Supplementary Material

1

Acknowledgments

This work was supported by NIH grants -R01DK082766 funded by the National Institute of Health (NIDDK) and NOT-HG-11-009 funded by NHGRI, and a VPR Bridge Grant from University of Oklahoma Health Sciences Center. Technical support provided by Timothy Braun and Praveen Natt is duly acknowledged. Authors thank all the participants of AIDHS/SDS and PhenX RISING consortium (NHGRI), and are grateful for their contribution in this study.
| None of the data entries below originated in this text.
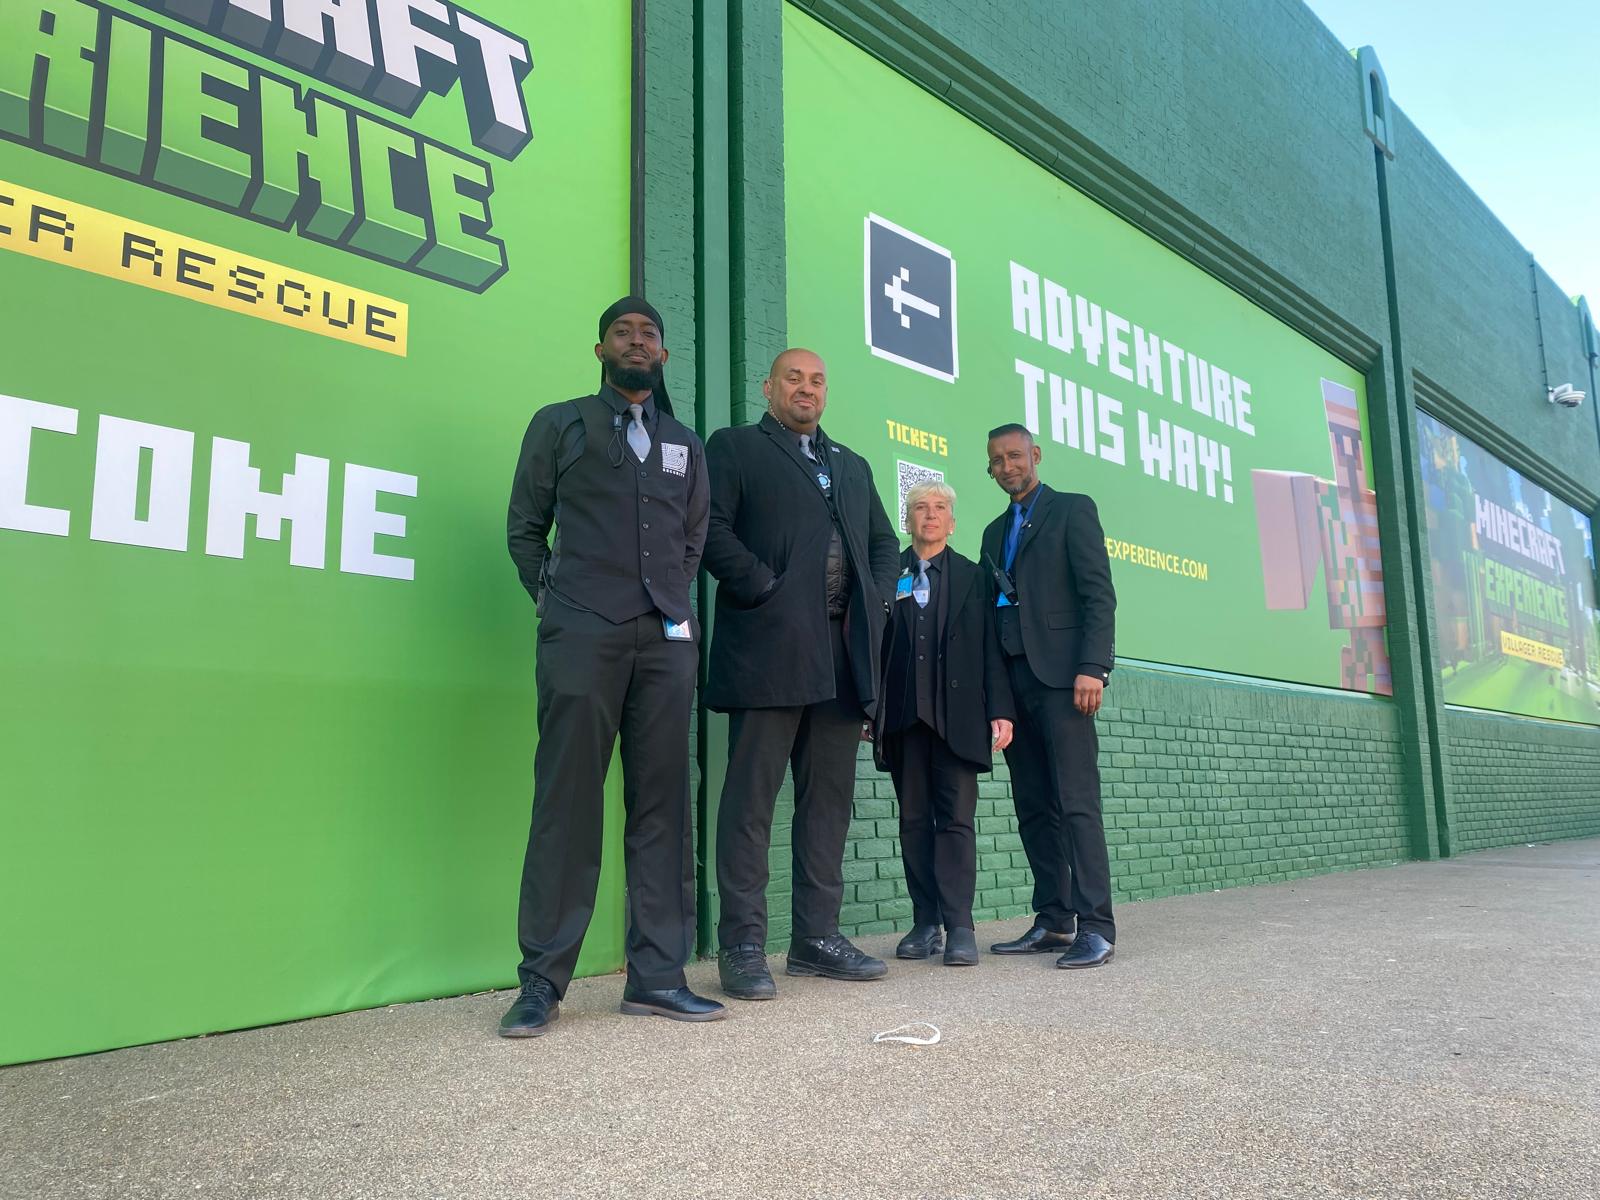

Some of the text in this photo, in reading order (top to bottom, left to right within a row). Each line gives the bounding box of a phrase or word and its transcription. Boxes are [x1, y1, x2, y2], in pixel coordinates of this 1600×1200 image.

[228, 0, 532, 158] AFT
[121, 231, 396, 342] RESCUE
[1009, 260, 1255, 436] ADVENTURE
[0, 394, 418, 581] COME
[886, 418, 948, 457] TICKETS
[1014, 358, 1234, 504] THIS WAY!
[1474, 493, 1566, 575] MINECRAFT
[1484, 557, 1569, 628] EXPERIENCE
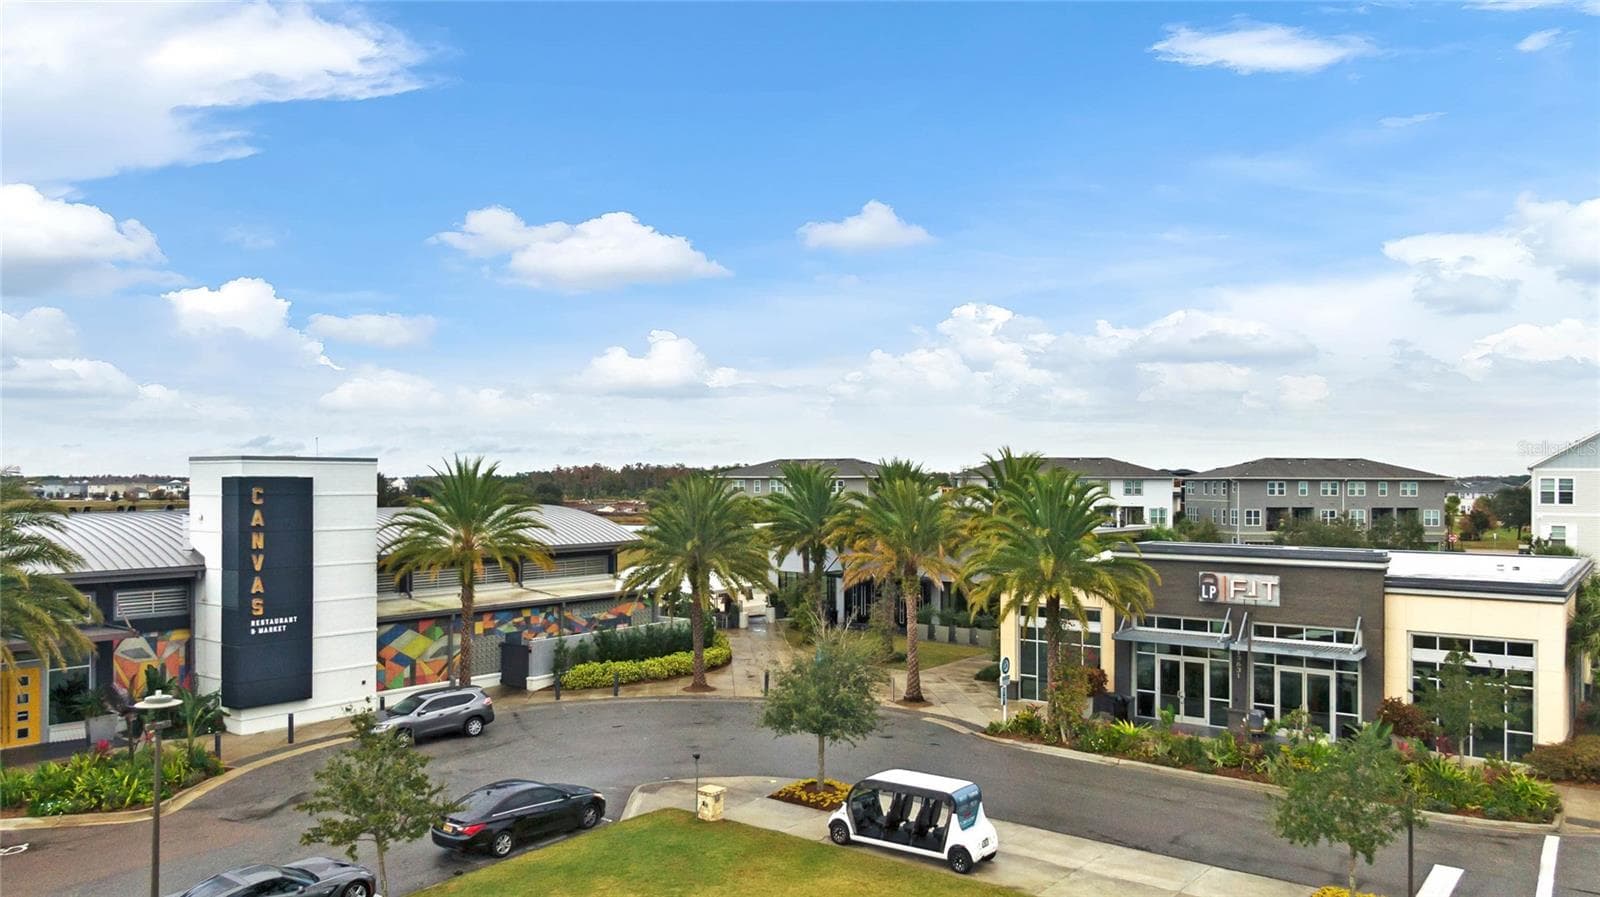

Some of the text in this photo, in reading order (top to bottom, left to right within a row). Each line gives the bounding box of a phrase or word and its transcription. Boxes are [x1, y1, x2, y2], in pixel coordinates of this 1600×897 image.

[251, 487, 265, 616] CANVAS
[1201, 584, 1217, 599] LP
[251, 616, 297, 626] RESTAURANT
[258, 625, 287, 634] MARKET
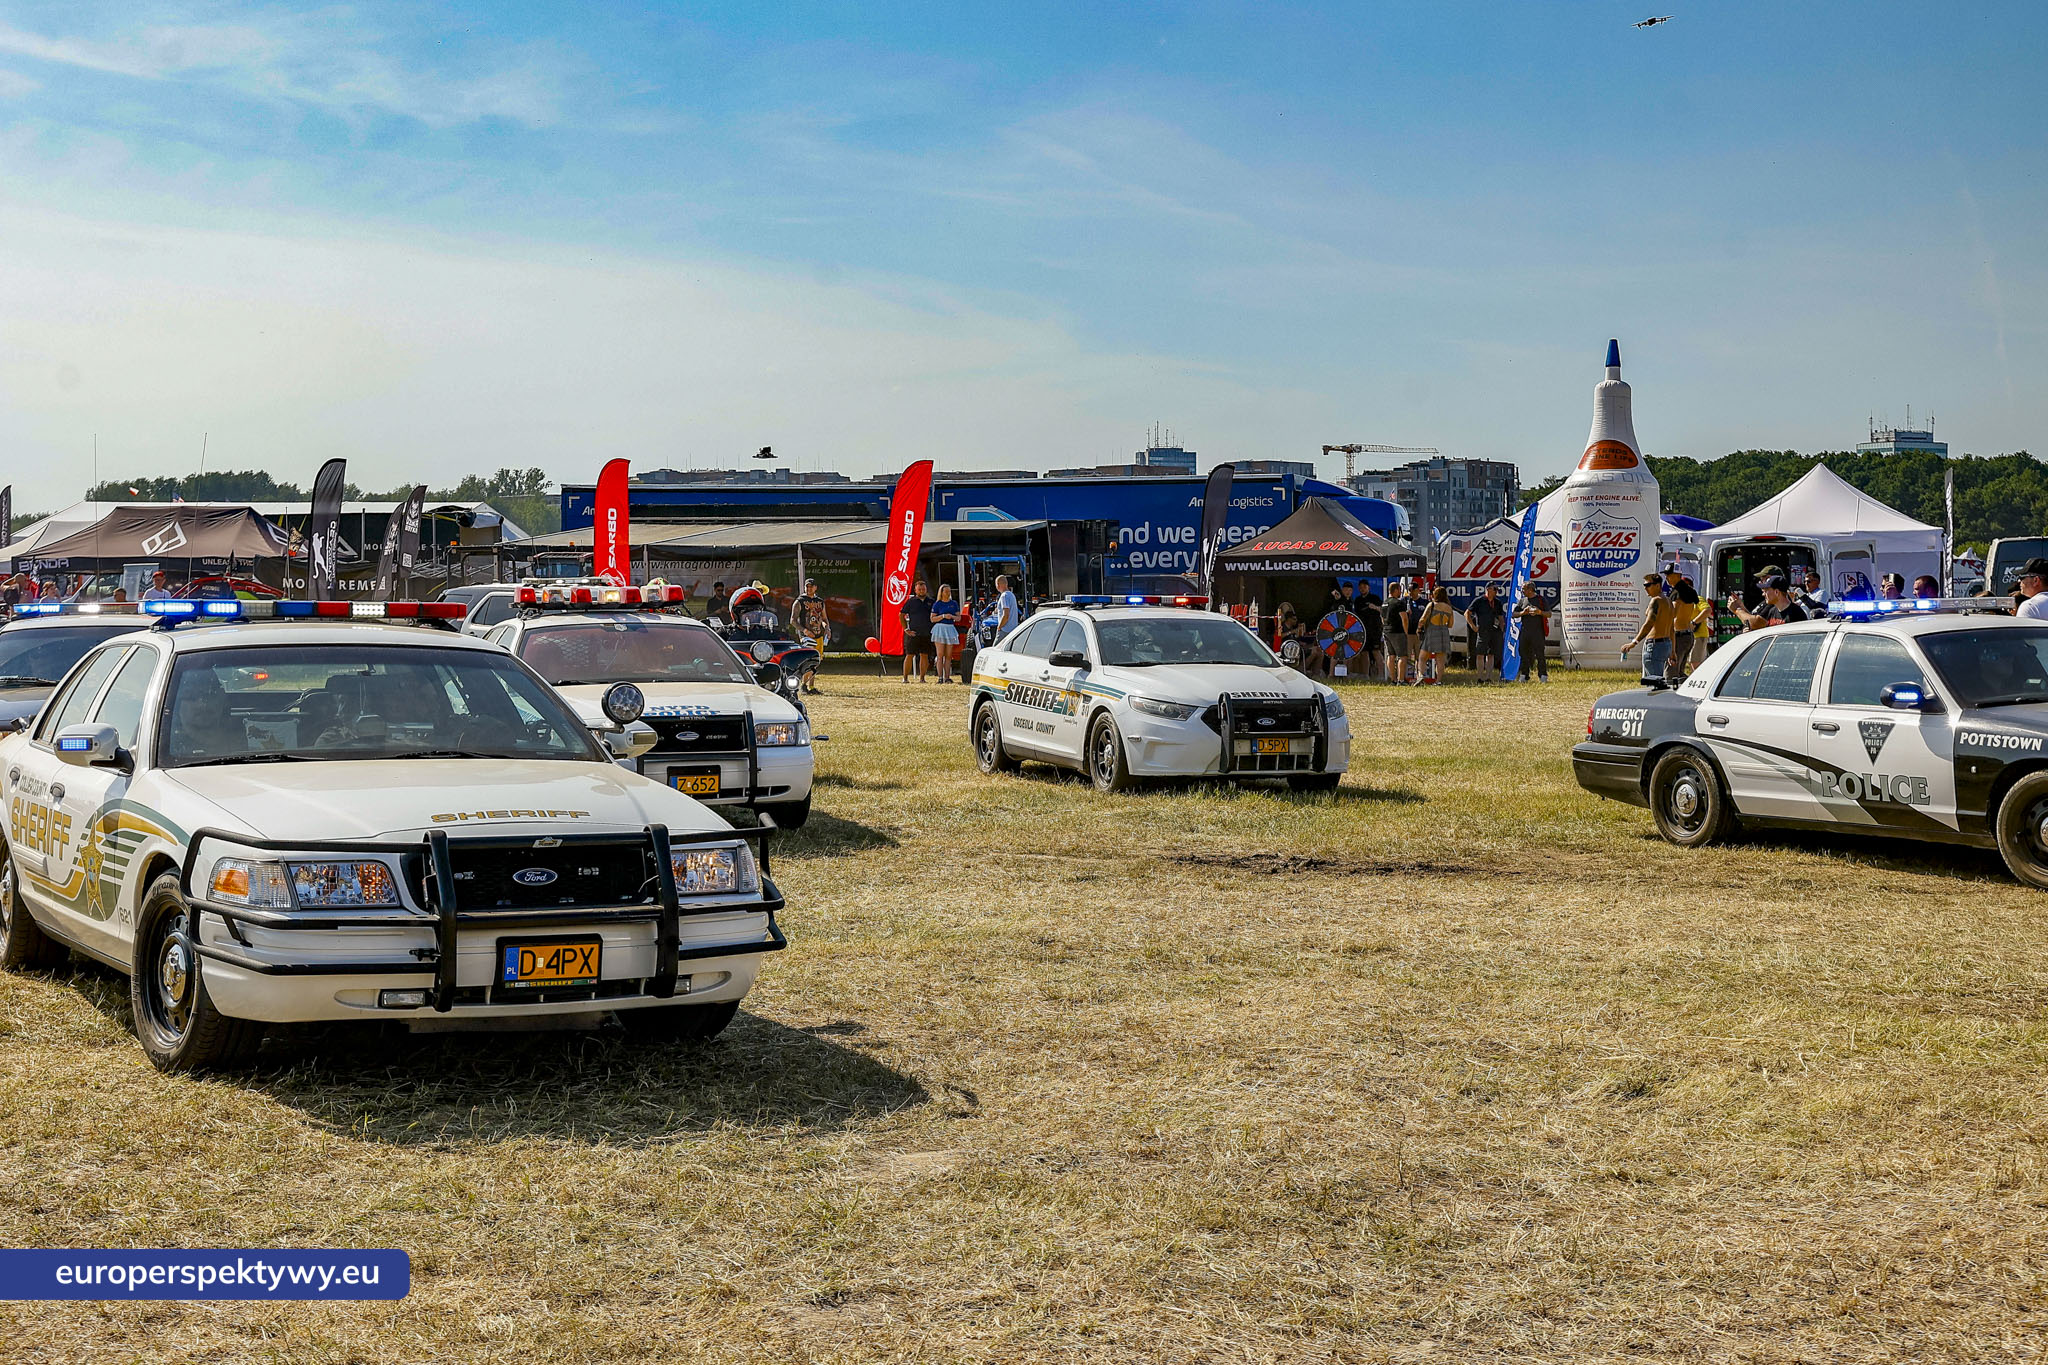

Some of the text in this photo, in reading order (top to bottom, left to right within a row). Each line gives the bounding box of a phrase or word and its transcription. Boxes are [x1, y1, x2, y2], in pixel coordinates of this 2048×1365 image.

[1228, 496, 1273, 509] Logistics
[607, 507, 617, 569] SARBO
[897, 509, 914, 573] SARBO
[1157, 525, 1195, 544] we
[1571, 531, 1637, 548] LUCAS
[1251, 541, 1349, 551] LUCAS OIL
[1569, 550, 1636, 561] HEAVY DUTY
[1224, 559, 1373, 573] www.LucasOil.co.uk
[1451, 555, 1556, 578] LUCS
[1574, 560, 1628, 569] Oil Stabilizer
[1446, 586, 1471, 597] OIL
[1687, 680, 1708, 689] 94-22
[1004, 682, 1061, 711] SHERIFF
[1230, 691, 1289, 699] SHERIFF
[1595, 708, 1648, 720] EMERGENCY
[1013, 716, 1034, 731] OSCEOLA
[1035, 721, 1057, 735] COUNTY
[1621, 720, 1644, 737] 911
[1258, 739, 1287, 751] D 5PX
[1864, 738, 1884, 746] POLICE
[1959, 731, 2043, 751] POTTSTOWN
[678, 777, 716, 792] Z 652
[1820, 770, 1931, 806] POLICE
[430, 809, 591, 823] SHERIFF
[11, 796, 73, 861] SHERIFF
[523, 871, 547, 882] Ford
[519, 946, 595, 977] D 4PX
[506, 966, 517, 975] PL
Appendix A. Supplementary data

Supplementary data associated with this article can be found, in the online version, at http://dx.doi.org/10.1016/j.jsbmb.2015.12.014.

Footnotes

Conflict of interest

We declare that there is no conflict of interest that could be perceived as prejudicing the impartiality of the research reported.

Author contributions

Conceived and designed the experiments D.K.S., P.R.B.; Data collection sample recruitment: D.K.S., S.R., G.S.W., N.K.M., and J.R. S.; Data analysis: B.R.S., A.B., R.H., and R.S.; Manuscript preparation: D.K.S. and R.S. All authors read and provided critical comment on the manuscript.

Role of the funding source

The sponsors of this study had no role in the study design, data collection, data analysis, data interpretation, or writing of the report. The corresponding author had full access to all the data, and takes full responsibility for the integrity of data and the accuracy of data analysis.